1.Het onderzoek op de terechtzitting

Dit vonnis is gewezen naar aanleiding van het onderzoek op de openbare terechtzitting van 27 juni 2024.
De rechtbank heeft kennis genomen van de vordering van de officier van justitie en van wat door verdachte en zijn raadsman mr. V.P.J. Tuma, advocaat in Arnhem, naar voren is gebracht.

2.De tenlastelegging

Voor de leesbaarheid van dit vonnis nummert de rechtbank de feiten van de zaak met parketnummer 08/048572-24 als de feiten 1, 2 en 3 en het feit van de zaak met parketnummer 08/141165-24 als feit 4.
De verdenking komt er, kort en zakelijk weergegeven, op neer dat verdachte:
feit 1:heeft geprobeerd [slachtoffer 1] zwaar lichamelijk letsel toe te brengen;
feit 2:een of meer ruiten van [instelling] heeft vernield;
feit 3:[slachtoffer 1] en/of [slachtoffer 2] heeft bedreigd;
feit 4:[slachtoffer 3] heeft bedreigd.
Voluit luidt de tenlastelegging aan verdachte, dat:
feit 1
hij op of omstreeks 10 februari 2024 te Zwolle ter uitvoering van het door verdachte voorgenomen misdrijf om aan [slachtoffer 1] opzettelijk zwaar lichamelijk letsel toe te brengen
- (met kracht op een korte afstand) een steen in de richting van het hoofd, althans het lichaam, van die [slachtoffer 1] heeft gegooid terwijl de uitvoering van dat voorgenomen misdrijf niet is voltooid;
feit 2
hij op of omstreeks 10 februari 2024 te Zwolle opzettelijk en wederrechtelijk een (of meerdere) ruit(en), in elk geval enig goed, die geheel of ten dele aan [instelling] , in elk geval aan een ander toebehoorde(n) heeft vernield, beschadigd en/of onbruikbaar gemaakt;
feit 3
hij op een of meer tijdstippen op of omstreeks 10 februari 2024 te Zwolle [slachtoffer 1] en/of [slachtoffer 2] heeft bedreigd met enig misdrijf tegen het leven gericht en/of met zware mishandeling, door die [slachtoffer 1] en/of [slachtoffer 2] dreigend de woorden toe te voegen
  • “ik ga jullie doodmaken” en/of
  • “ik weet jullie wel te vinden en herken je gezicht”, althans woorden van gelijke dreigende aard of strekking en/of (daarbij)
  • (een) gebalde vuist(en) te tonen en/of
  • zwaaiende bewegingen met zijn armen te maken en/of
  • een snijdende beweging naar en/of langs zijn keel te maken en/of
  • op korte afstand een slaande en/of zwaaiende beweging met een steen te maken en/of (vervolgens) een steen in de richting van die [slachtoffer 1] te gooien;
feit 4
hij op of omstreeks 7 februari 2024 te Zwolle, althans in Nederland, [slachtoffer 3] heeft bedreigd met enig misdrijf tegen het leven gericht en/of met zware mishandeling, door die [slachtoffer 3] (via Whatsapp spraakberichten) dreigend de woorden toe te voegen ‘hondenkop, ik maak je af, wacht maar tot ik eruit kom, als ik eruit kom, dan maak ik je af’, althans woorden van gelijke dreigende aard of strekking.

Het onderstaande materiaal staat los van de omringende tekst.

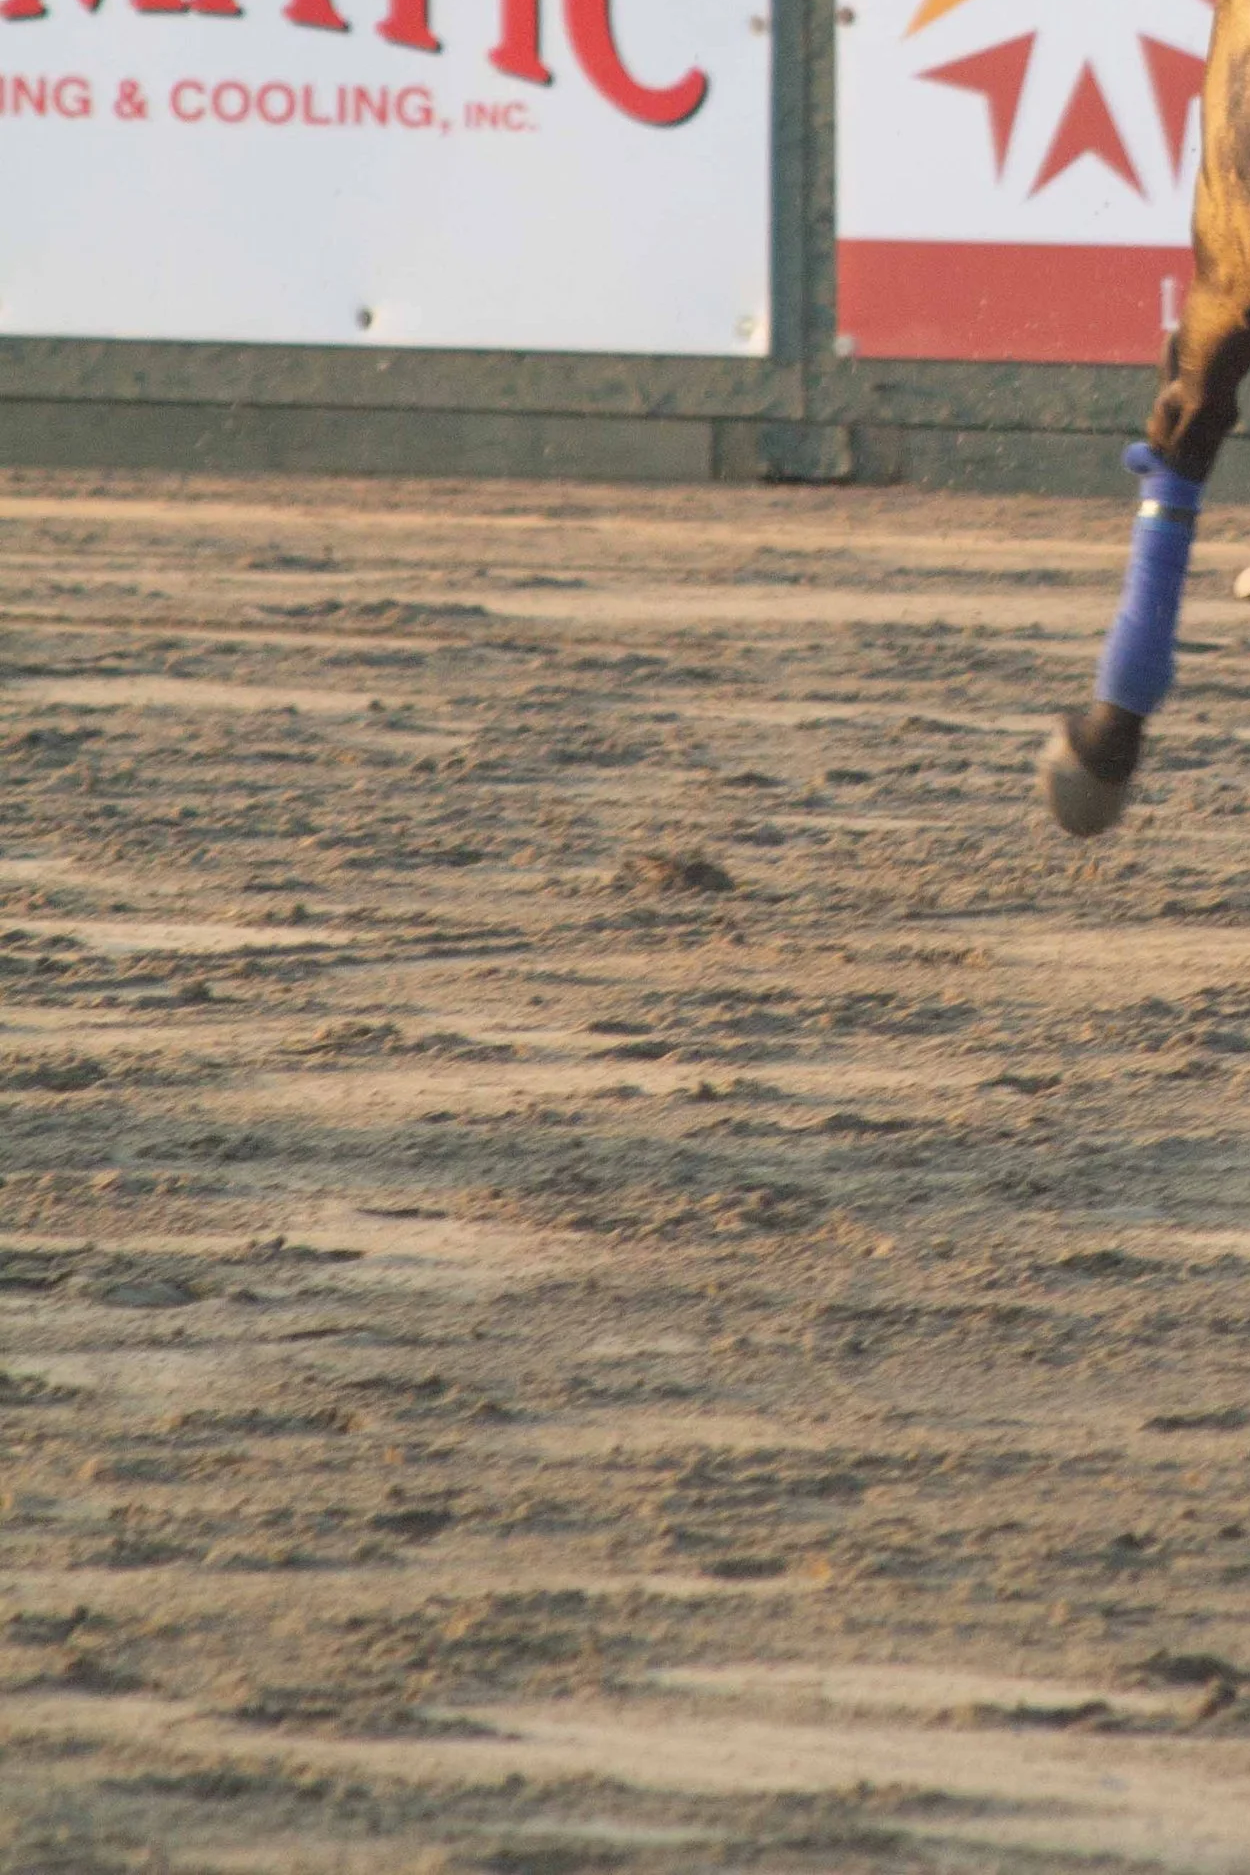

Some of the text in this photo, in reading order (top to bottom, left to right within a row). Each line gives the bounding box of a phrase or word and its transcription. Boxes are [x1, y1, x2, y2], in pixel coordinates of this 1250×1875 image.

3.Afwijzing verzoek om aanhouding

De officier van justitie heeft primair om aanhouding van de zaak verzocht en gevorderd om verdachte te laten opnemen in het Pieter Baan Centrum (hierna: PBC) ter observatie en voor (nader) onderzoek naar de (on)toerekeningsvatbaarheid van verdachte.
De raadsman heeft bepleit de vordering tot observatie en tot aanhouding van de zaak af te wijzen. Verdachte wil niet meewerken aan persoonlijkheidsonderzoek en zal daaraan, ook bij een eventuele opname in het PBC, niet meewerken. Verder is sprake van een lange wachttijd bij het PBC, waardoor de inhoudelijke behandeling van de zaak wellicht een jaar op zich zou laten wachten. Dat is onwenselijk. Verder is voor verdachte al duidelijk dat de oorzaak van zijn probleem ligt in zijn drugsgebruik.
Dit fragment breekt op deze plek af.